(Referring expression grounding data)
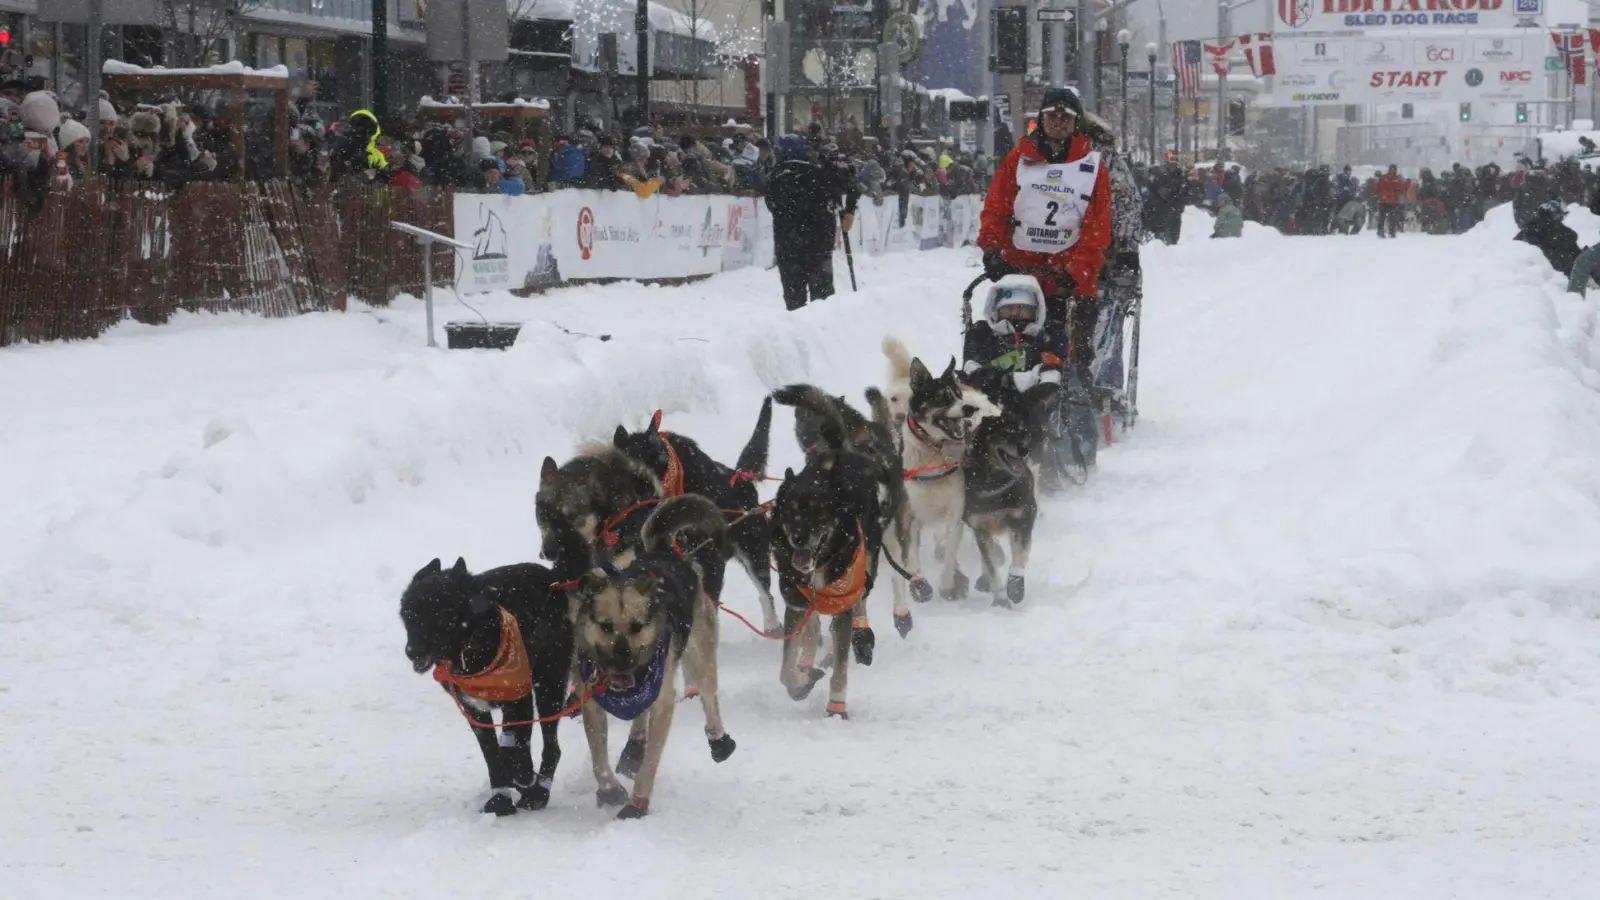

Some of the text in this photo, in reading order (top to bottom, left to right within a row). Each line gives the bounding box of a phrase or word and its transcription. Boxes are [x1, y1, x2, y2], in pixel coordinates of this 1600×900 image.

[1344, 12, 1479, 26] SLED DOG RACE
[1426, 48, 1455, 62] GCI
[1369, 70, 1448, 88] START
[1300, 92, 1340, 101] LYNDEN
[1031, 183, 1075, 195] DONLIN
[1045, 201, 1059, 226] 2
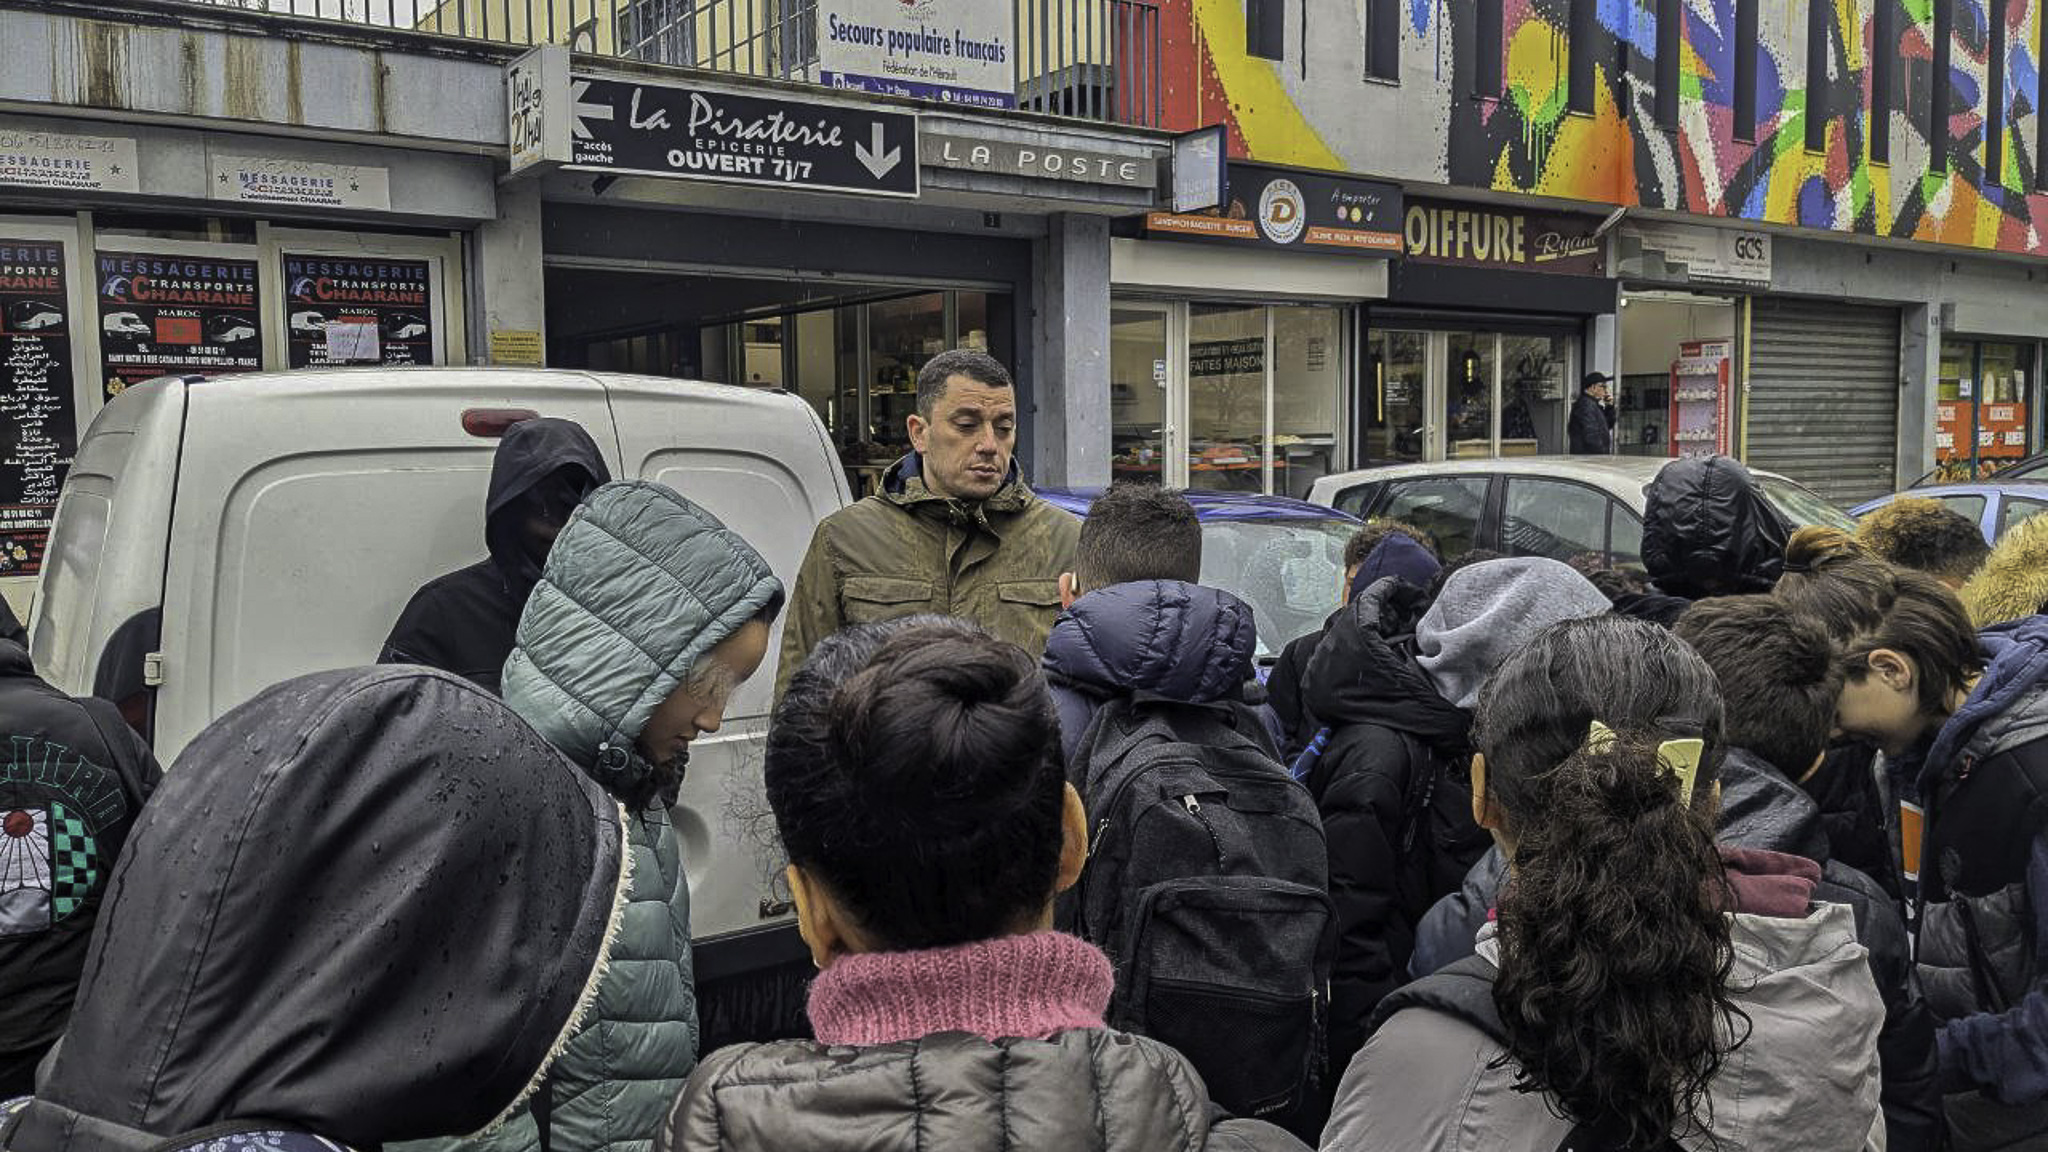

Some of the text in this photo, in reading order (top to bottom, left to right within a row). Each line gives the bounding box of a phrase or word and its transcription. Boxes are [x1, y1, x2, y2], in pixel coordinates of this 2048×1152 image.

#### [TASK GOAL]
What you return must match the entries above exactly, apart from the pictures, which are left out.

#### [TASK RESPONSE]
Some of the text in this photo, in reading order (top to bottom, left to right within a row). Each line gives the bounding box of a phrase or word and its transcription. Boxes are [x1, y1, x2, y2], in pixel coordinates of this 1600×900 image.

[1344, 12, 1479, 26] SLED DOG RACE
[1426, 48, 1455, 62] GCI
[1369, 70, 1448, 88] START
[1300, 92, 1340, 101] LYNDEN
[1031, 183, 1075, 195] DONLIN
[1045, 201, 1059, 226] 2

Some of the text in this photo, in reading order (top to bottom, left to right within a row). Each line gives the bounding box of a phrase or word and its transcription. Boxes are [x1, y1, x2, y2], in pixel coordinates of this 2048×1152 image.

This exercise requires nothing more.